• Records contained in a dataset
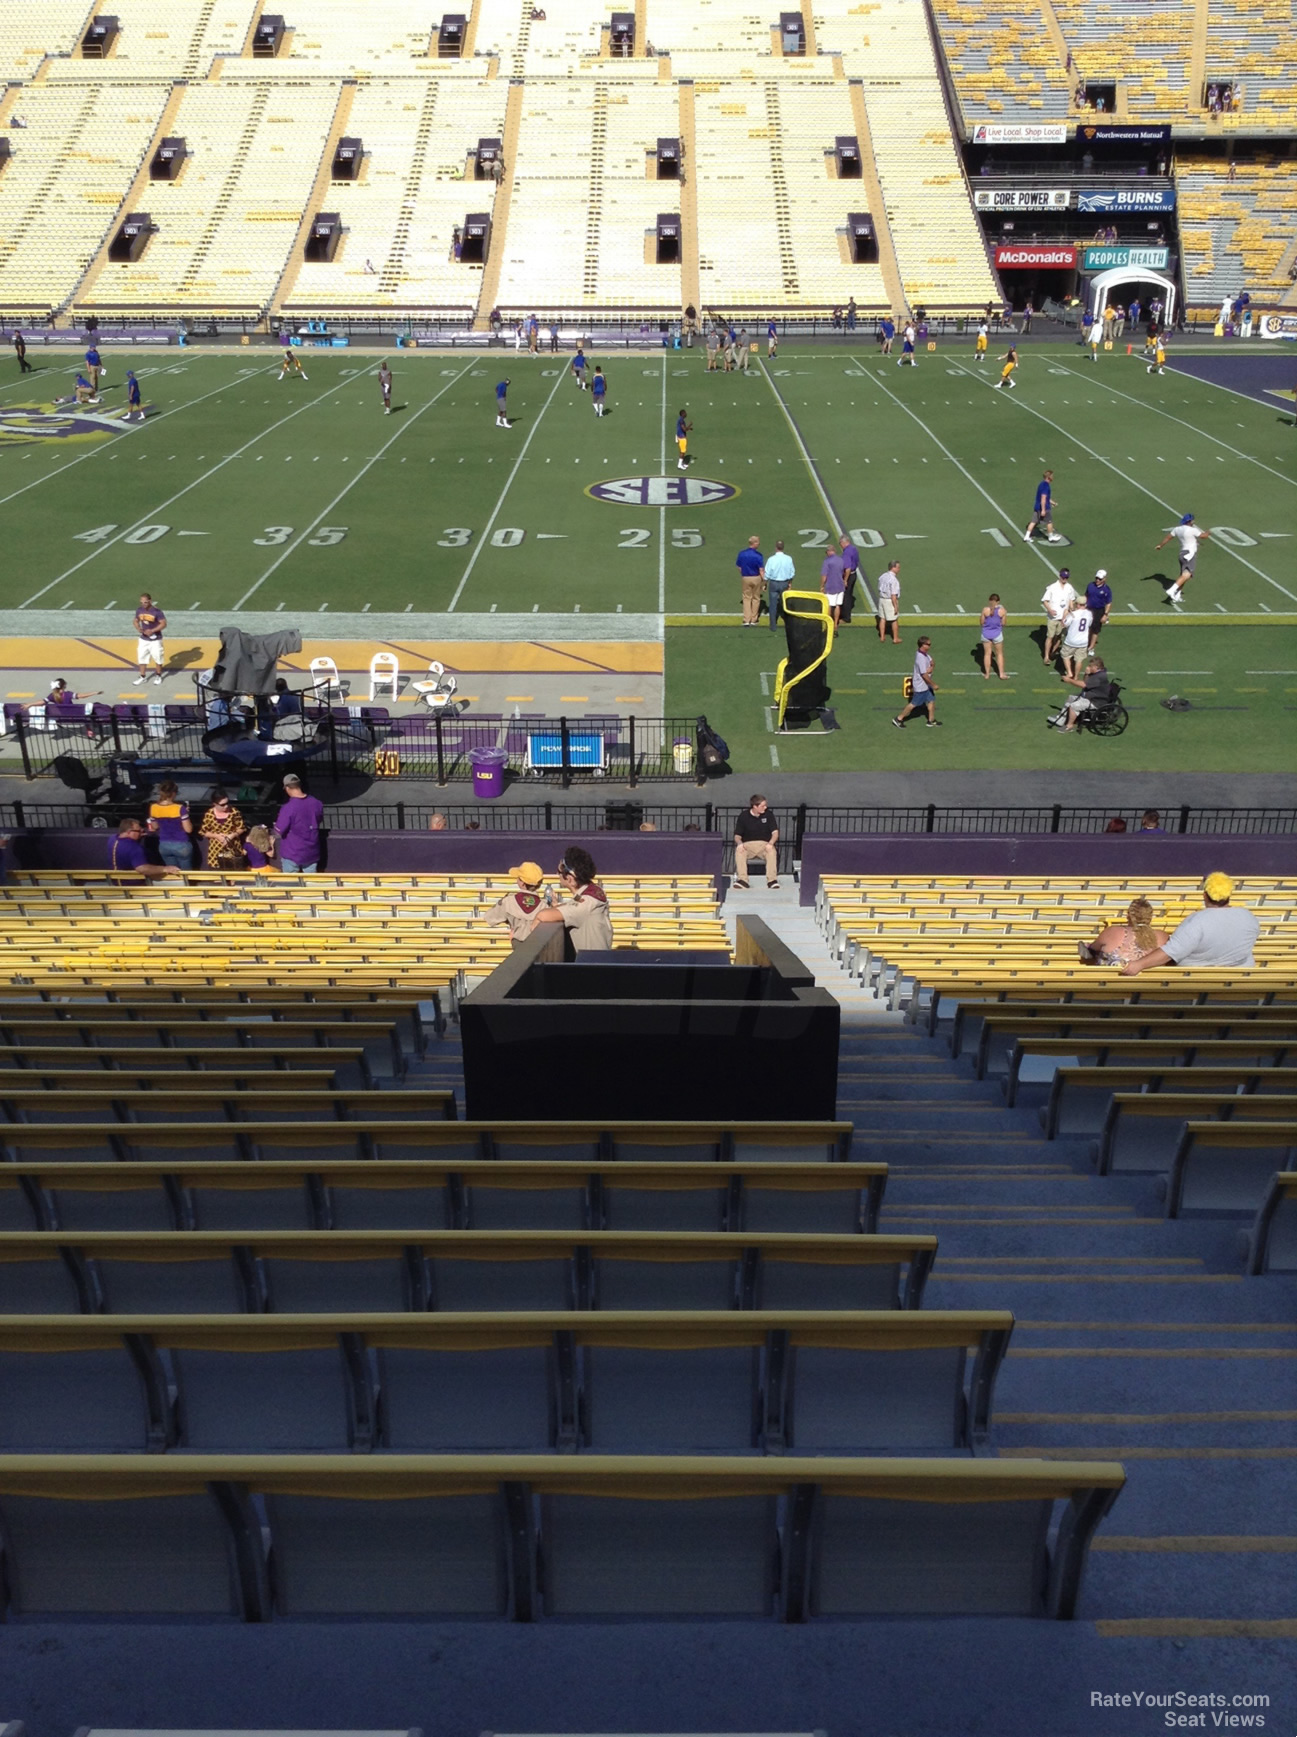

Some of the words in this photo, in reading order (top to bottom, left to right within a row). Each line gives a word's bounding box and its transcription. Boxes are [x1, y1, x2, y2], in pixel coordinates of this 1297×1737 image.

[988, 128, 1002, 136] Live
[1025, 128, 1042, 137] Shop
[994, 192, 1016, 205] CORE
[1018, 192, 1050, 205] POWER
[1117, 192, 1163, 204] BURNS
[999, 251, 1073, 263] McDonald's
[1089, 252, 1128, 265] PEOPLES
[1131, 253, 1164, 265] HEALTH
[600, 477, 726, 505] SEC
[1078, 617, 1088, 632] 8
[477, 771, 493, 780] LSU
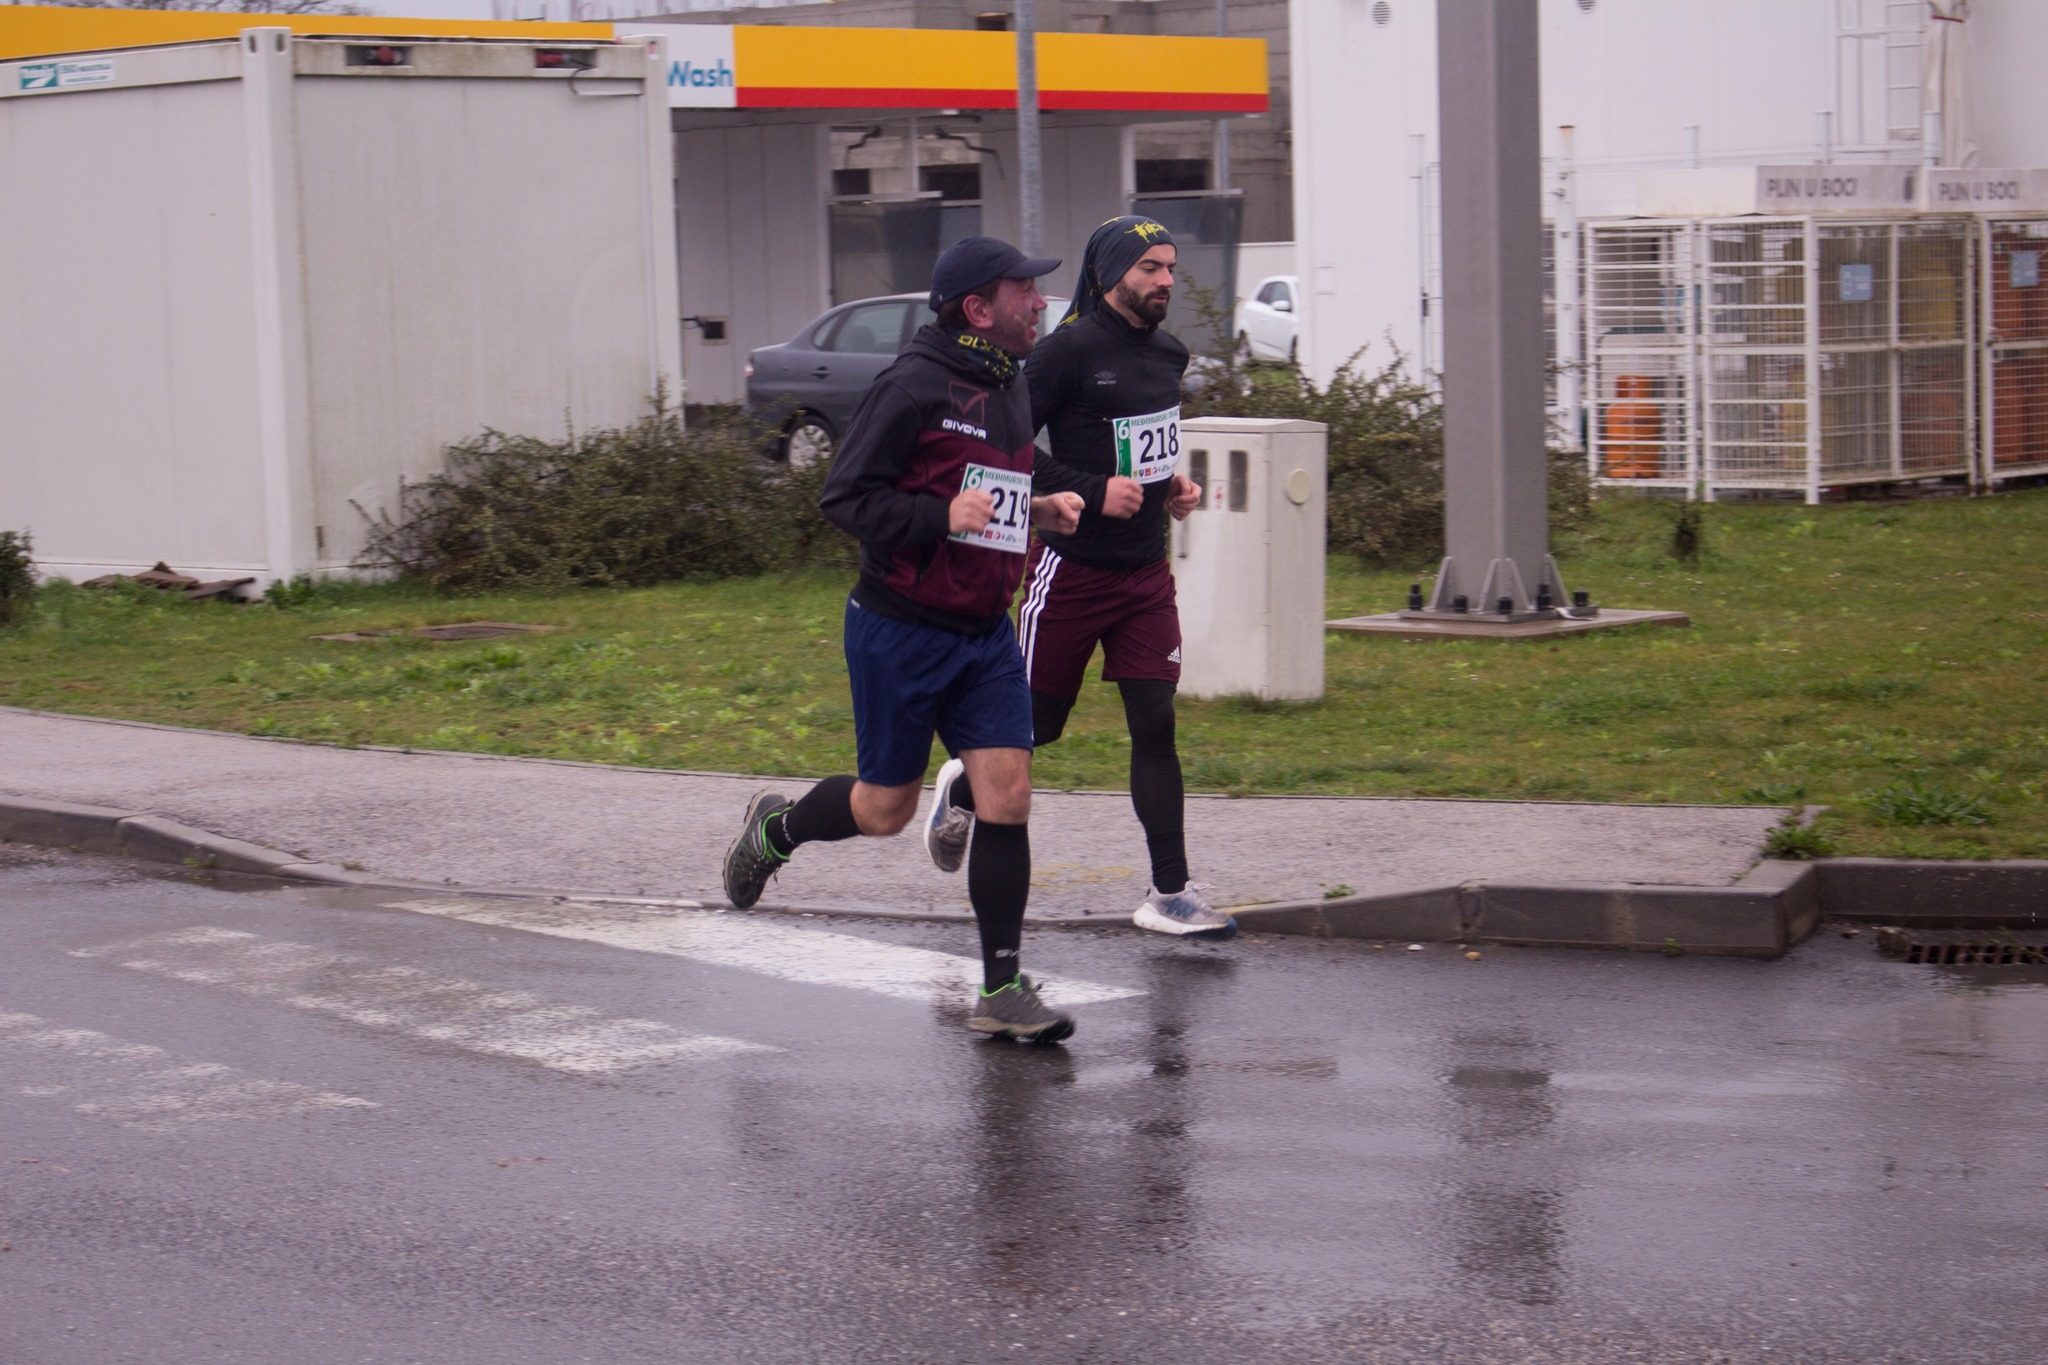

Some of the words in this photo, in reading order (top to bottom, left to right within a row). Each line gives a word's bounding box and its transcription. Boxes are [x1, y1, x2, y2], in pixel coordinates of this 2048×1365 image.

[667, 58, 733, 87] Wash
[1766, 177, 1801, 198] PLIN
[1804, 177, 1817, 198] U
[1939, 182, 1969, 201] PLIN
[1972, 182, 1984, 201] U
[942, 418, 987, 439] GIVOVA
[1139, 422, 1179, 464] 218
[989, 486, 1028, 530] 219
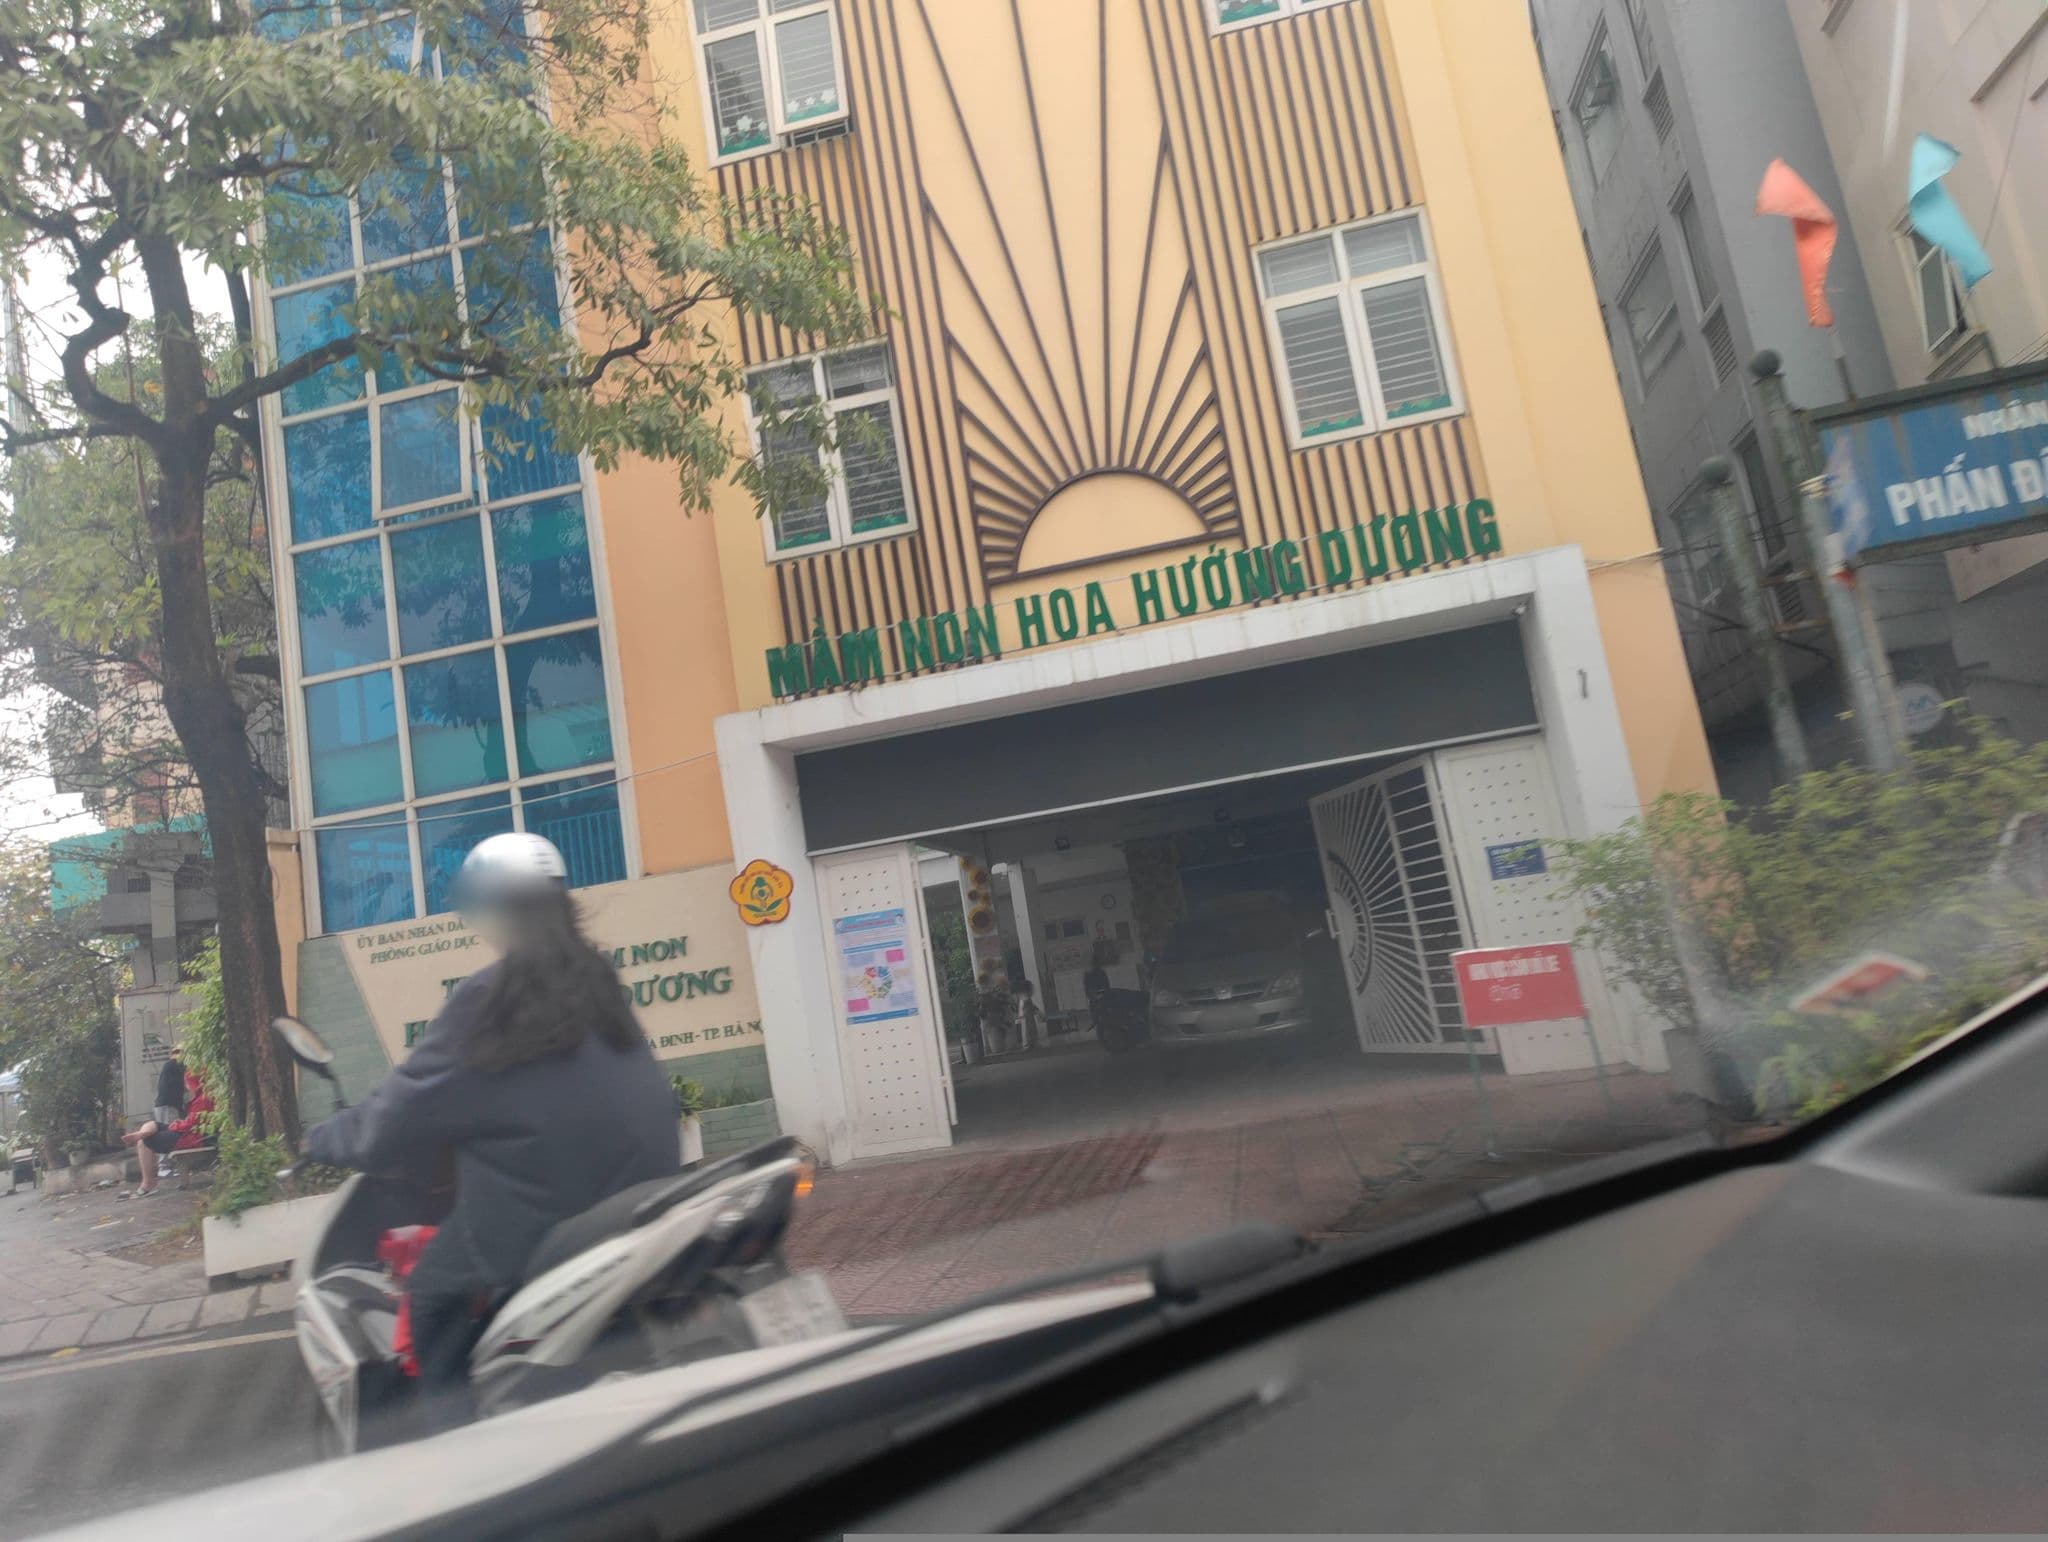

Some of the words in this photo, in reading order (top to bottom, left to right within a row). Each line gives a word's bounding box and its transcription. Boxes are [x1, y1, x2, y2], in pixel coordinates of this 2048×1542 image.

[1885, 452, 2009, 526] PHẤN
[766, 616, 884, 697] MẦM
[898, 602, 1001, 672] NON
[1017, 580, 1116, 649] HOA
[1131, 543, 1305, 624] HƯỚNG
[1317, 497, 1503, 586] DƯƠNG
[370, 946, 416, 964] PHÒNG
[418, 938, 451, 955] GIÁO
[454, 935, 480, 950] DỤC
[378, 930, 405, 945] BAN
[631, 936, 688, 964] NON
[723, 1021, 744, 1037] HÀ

• What this task involves
Leaving aside the images, write out the entries above word for word.

• Solution
Some of the words in this photo, in reading order (top to bottom, left to right within a row). Each line gives a word's bounding box and its transcription. Boxes are [x1, y1, x2, y2], in pixel coordinates of this 1297×1737 image.

[988, 128, 1002, 136] Live
[1025, 128, 1042, 137] Shop
[994, 192, 1016, 205] CORE
[1018, 192, 1050, 205] POWER
[1117, 192, 1163, 204] BURNS
[999, 251, 1073, 263] McDonald's
[1089, 252, 1128, 265] PEOPLES
[1131, 253, 1164, 265] HEALTH
[600, 477, 726, 505] SEC
[1078, 617, 1088, 632] 8
[477, 771, 493, 780] LSU

Some of the words in this photo, in reading order (top to bottom, left to right within a row). Each line gives a word's bounding box and its transcription. Boxes are [x1, y1, x2, y2], in pixel coordinates of this 2048×1365 image.

[667, 58, 733, 87] Wash
[1766, 177, 1801, 198] PLIN
[1804, 177, 1817, 198] U
[1939, 182, 1969, 201] PLIN
[1972, 182, 1984, 201] U
[942, 418, 987, 439] GIVOVA
[1139, 422, 1179, 464] 218
[989, 486, 1028, 530] 219

Some of the words in this photo, in reading order (top to bottom, left to right within a row). Each line gives a word's bounding box and its transcription. Boxes are [x1, y1, x2, y2], in pixel coordinates of this 2048×1542 image.

[1885, 452, 2009, 526] PHẤN
[766, 616, 884, 697] MẦM
[898, 602, 1001, 672] NON
[1017, 580, 1116, 649] HOA
[1131, 543, 1305, 624] HƯỚNG
[1317, 497, 1503, 586] DƯƠNG
[370, 946, 416, 964] PHÒNG
[418, 938, 451, 955] GIÁO
[454, 935, 480, 950] DỤC
[378, 930, 405, 945] BAN
[631, 936, 688, 964] NON
[723, 1021, 744, 1037] HÀ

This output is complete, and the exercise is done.